Here are three ways a forward-thinking and data-driven marketer can be prepared to hit the ground running when the transition away from third-party tracking is finally complete.

1.  Take advantage of the time you were given.

Marketers customarily have to work within constricted timeframes and adapt strategies to cultural shifts. This is not one of those times. Ample notice has been given to discover (or recover) alternative strategies, implement, and test them. 

In Ad Age’s reporting on “How Facebook and Snapchat are Preparing Brands for the Data Lockdowns,” they aptly remind marketers that “there is one benefit to relying less on data… brands will have to return to focusing on the design of their ads” (Ad Age, 2021). As targeting becomes less effective, marketers will have to get more clever with ad creative to reach their intended audiences. 

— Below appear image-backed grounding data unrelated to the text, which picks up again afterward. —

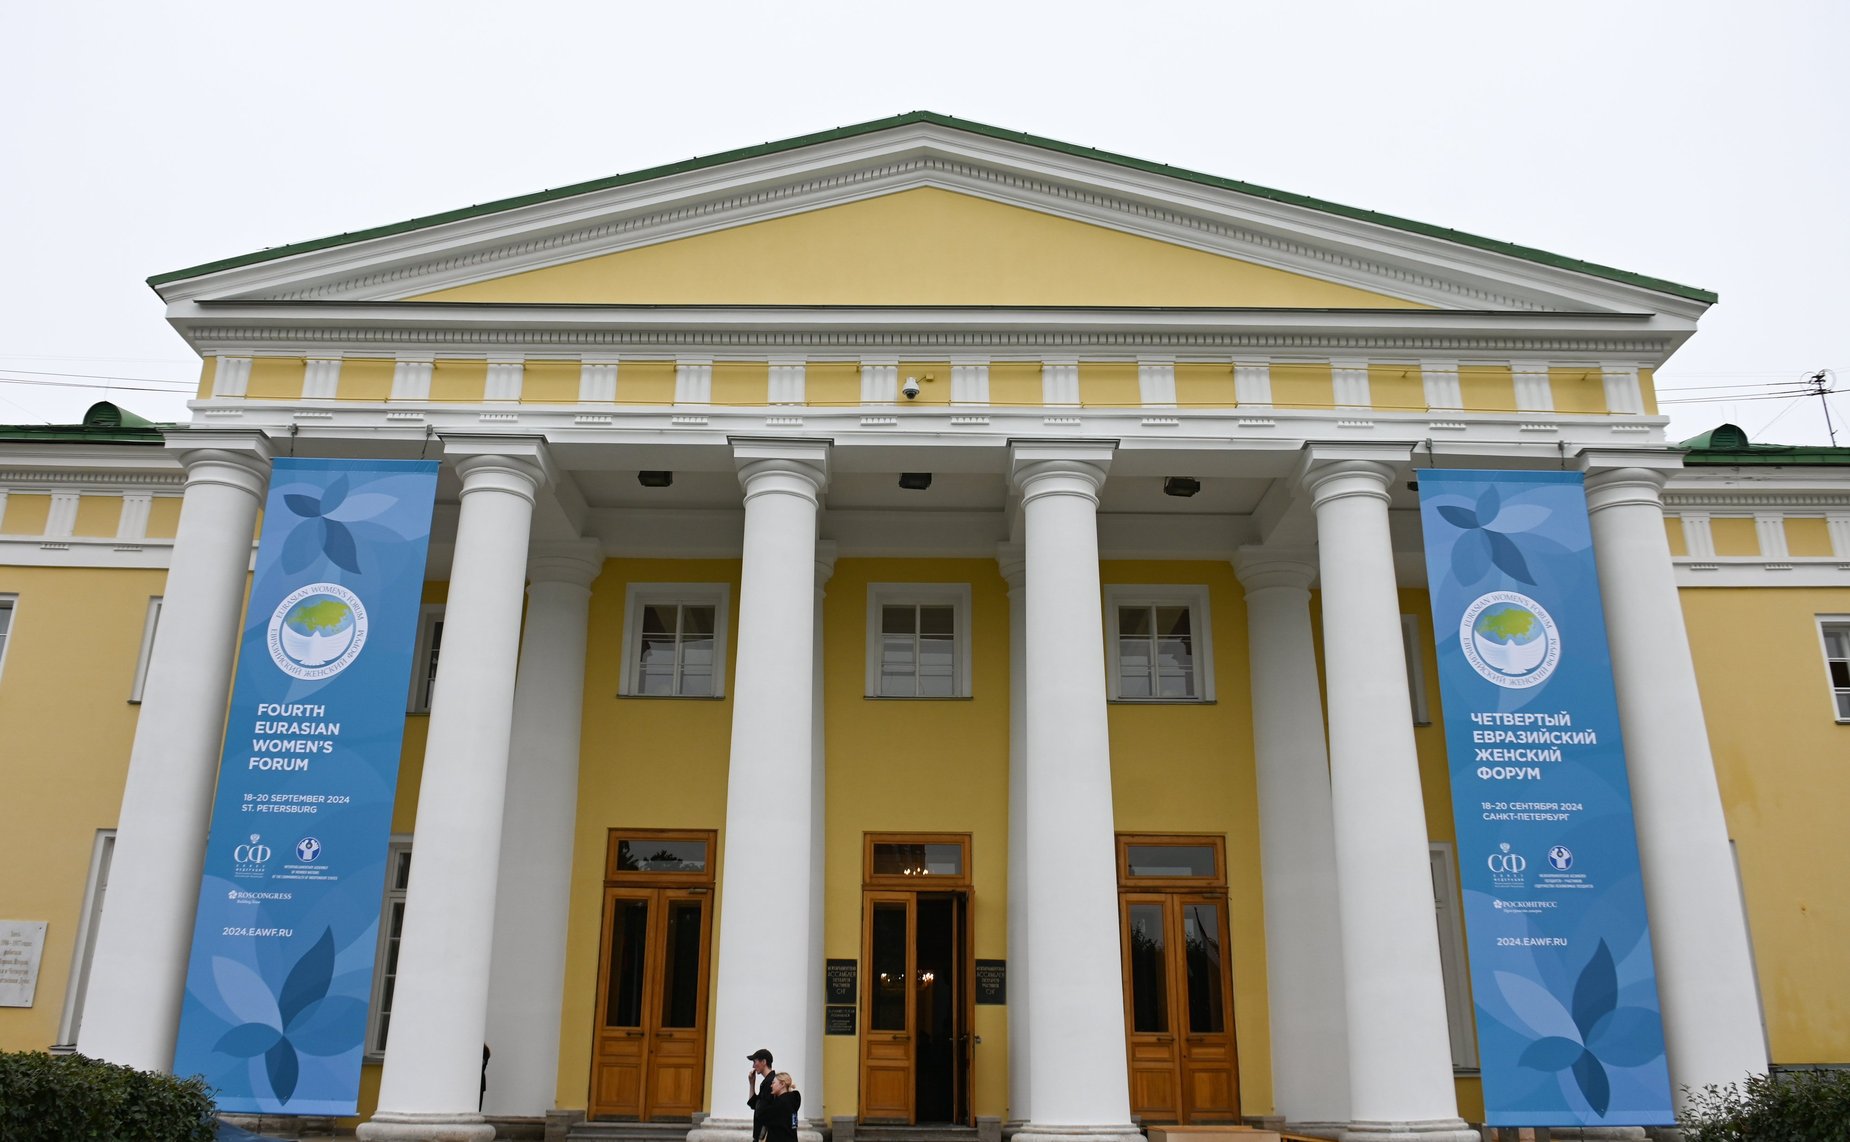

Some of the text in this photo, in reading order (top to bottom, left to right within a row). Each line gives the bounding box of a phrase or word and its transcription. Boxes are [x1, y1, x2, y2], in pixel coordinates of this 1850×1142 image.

[276, 585, 365, 621] EURASIAN WOMEN'S FORUM
[1464, 593, 1553, 629] EURASIAN WOMEN'S FORUM
[348, 629, 365, 659] ФОРУМ
[257, 703, 325, 717] FOURTH
[1471, 711, 1571, 726] ЧЕТВЕРТЫЙ
[254, 721, 340, 736] EURASIAN
[1473, 729, 1597, 745] ЕВРАЗИЙСКИЙ
[252, 739, 333, 753] WOMEN’S
[1475, 746, 1562, 762] ЖЕНСКИЙ
[248, 757, 309, 771] FORUM
[1477, 766, 1541, 780] ФОРУМ
[271, 794, 325, 803] SEPTEMBER
[326, 795, 350, 804] 2024
[241, 804, 317, 814] ST. PETERSBURG
[1509, 802, 1559, 811] СЕНТЯБРЯ
[1560, 803, 1583, 811] 2024
[1482, 812, 1570, 821] САНКТ-ПЕТЕРБУРГ
[234, 844, 271, 864] СФ
[1488, 853, 1526, 873] СФ
[237, 890, 292, 900] ROSCONGRESS
[1502, 900, 1557, 909] РОСКОНГРЕСС
[222, 927, 293, 937] 2024.EAWF.RU
[1497, 937, 1568, 946] 2024.EAWF.RU
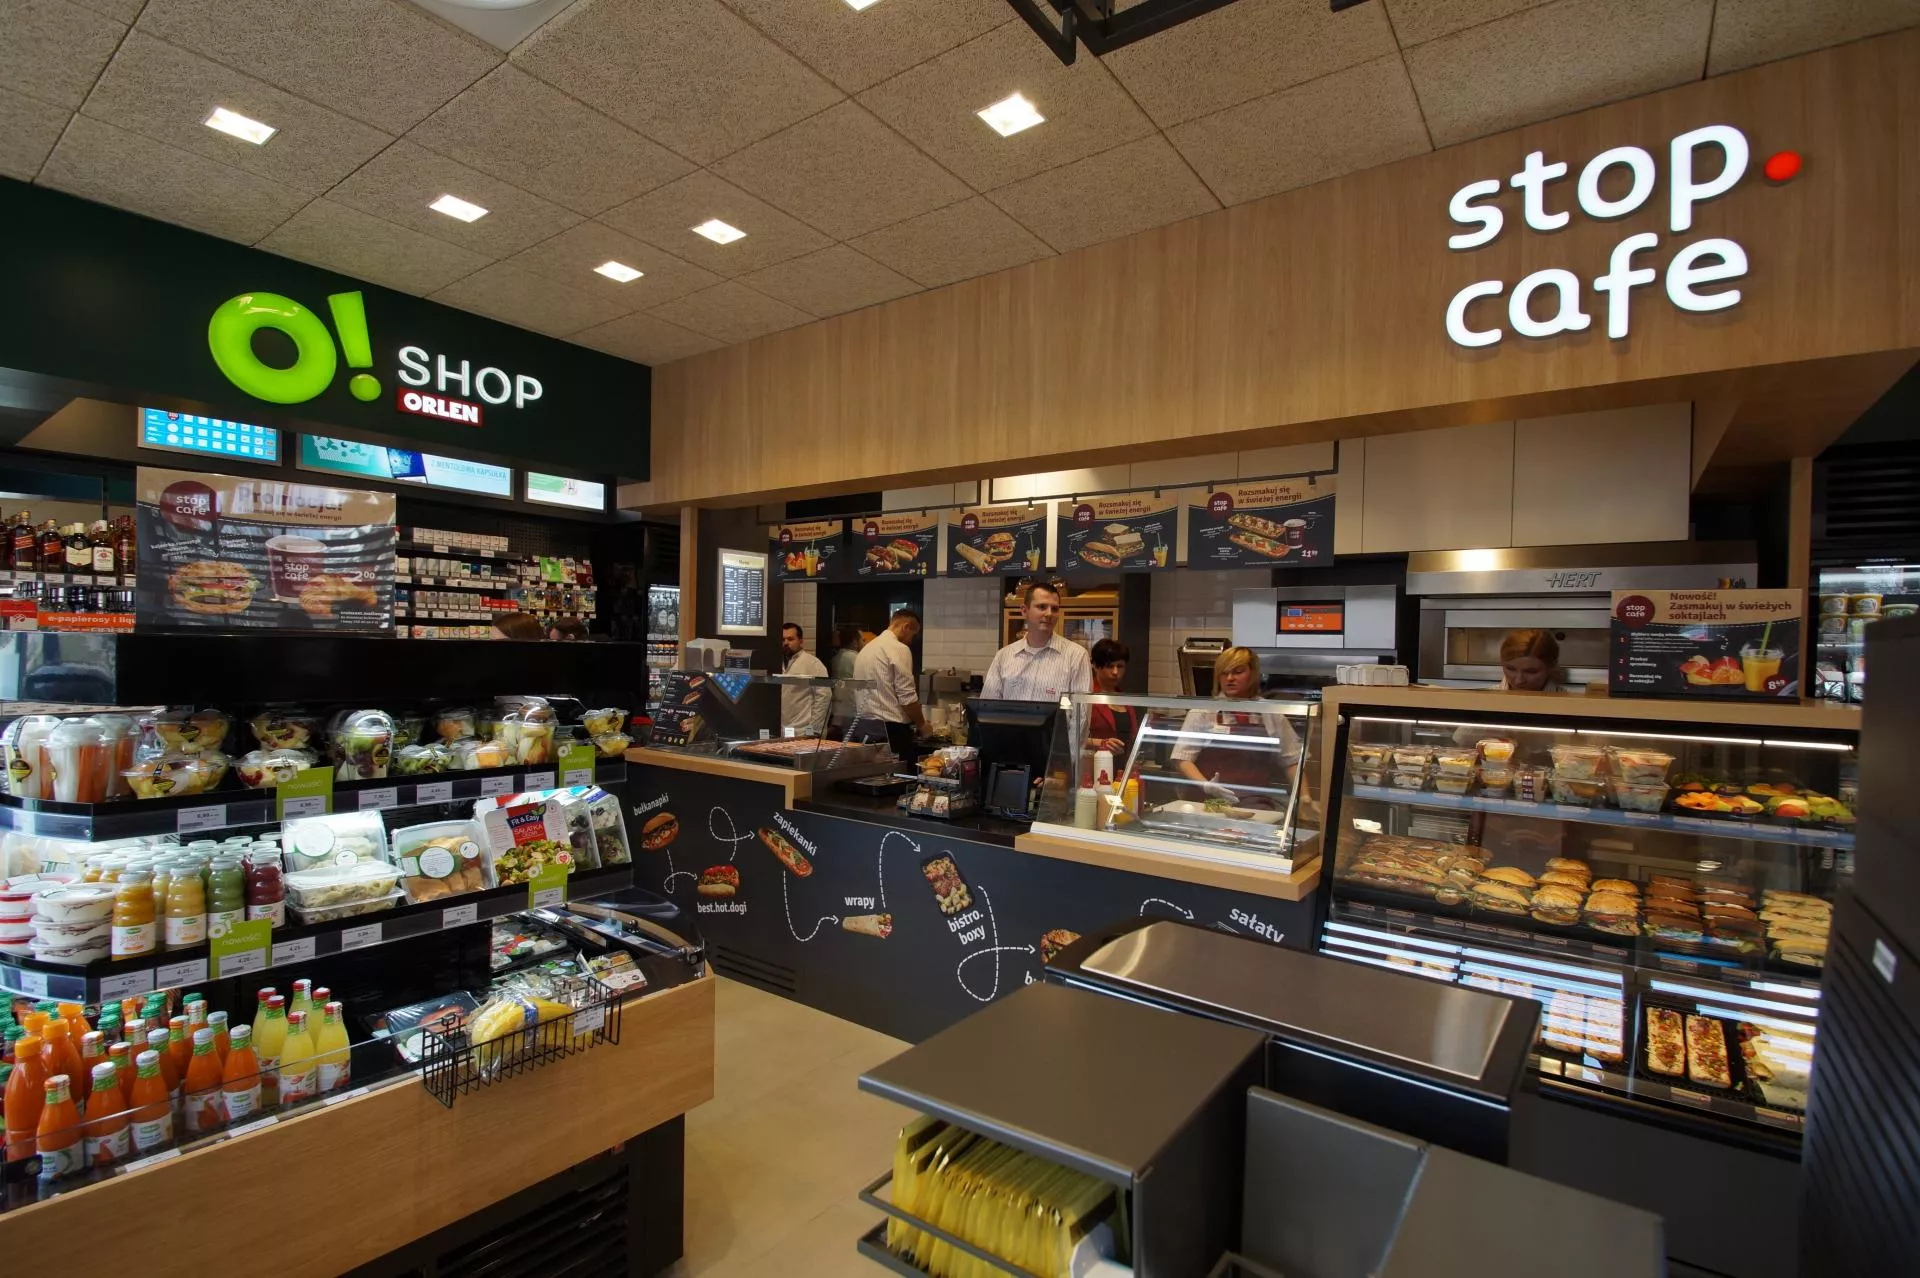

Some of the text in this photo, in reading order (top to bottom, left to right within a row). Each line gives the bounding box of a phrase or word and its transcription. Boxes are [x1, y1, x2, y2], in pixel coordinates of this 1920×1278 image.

[1446, 232, 1749, 348] cafe
[208, 290, 382, 404] O!
[397, 346, 544, 409] SHOP
[404, 392, 479, 424] ORLEN
[1238, 486, 1290, 496] Rozsmakuj się
[176, 494, 206, 508] stop
[1099, 500, 1131, 509] Rozsmakuj
[1245, 496, 1274, 504] świeżej
[1276, 493, 1302, 502] energii
[176, 504, 206, 516] cafe
[284, 563, 309, 574] stop
[284, 571, 309, 580] cafe
[1547, 572, 1602, 588] HERT
[1670, 592, 1717, 601] Nowość!
[1626, 604, 1646, 612] stop
[1669, 602, 1722, 613] Zasmakuj
[1739, 600, 1792, 613] świeżych
[48, 615, 109, 624] e-papierosy
[1669, 612, 1726, 621] soktajlach
[632, 792, 670, 817] bułkanapki
[514, 824, 543, 834] SAŁATKA
[772, 811, 817, 857] zapiekanki
[697, 901, 747, 915] best.hot.dogi
[844, 894, 875, 909] wrapy
[947, 909, 984, 934] bistro.
[958, 924, 986, 946] boxy

One way to use this time wisely is to leverage pre-market creative measurement tools. A study by Nielsen showed that campaigns lacking precise targeting relied on the strength of their creative 18% more than targeted ads, contributing to 59% of the ad’s overall effectiveness (Nielsen, 2017). In other words, a lack of precise targeting doesn’t necessarily equate to ineffective advertising because creative can pick up the slack. Marketers can use this period before third-party tracking is completely lost to measure the financial impact of advertising creative on their business and redistribute spend accordingly. Pre-market creative testing should be considered a crucial part of the updated plan.

Creative testing can also help fill the void of tracking data while a campaign is in-market. With constantly evolving world events, the creative process should be constantly in motion, especially when working through channels where production costs are lower, like audio and email marketing. 

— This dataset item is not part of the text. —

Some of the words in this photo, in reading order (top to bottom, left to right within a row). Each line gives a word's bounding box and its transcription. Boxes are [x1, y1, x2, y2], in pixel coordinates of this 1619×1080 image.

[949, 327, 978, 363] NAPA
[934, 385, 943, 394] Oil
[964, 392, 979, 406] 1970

2. Turn to trusted channels with rich contextual targeting.

Effective advertising pre-dates cookie-based audience targeting. For decades, marketers looked to content as a proxy for audience, and achieved real results with this contextual approach. In the wake of new restrictions to third-party tracking methods like cookies and mobile ad IDs, contextual is having another moment. This has marketers reconsidering their overall media mix, and channels that offer targeting based on a detailed and data-driven understanding of content are rising to the top. Podcasts are leading that charge. 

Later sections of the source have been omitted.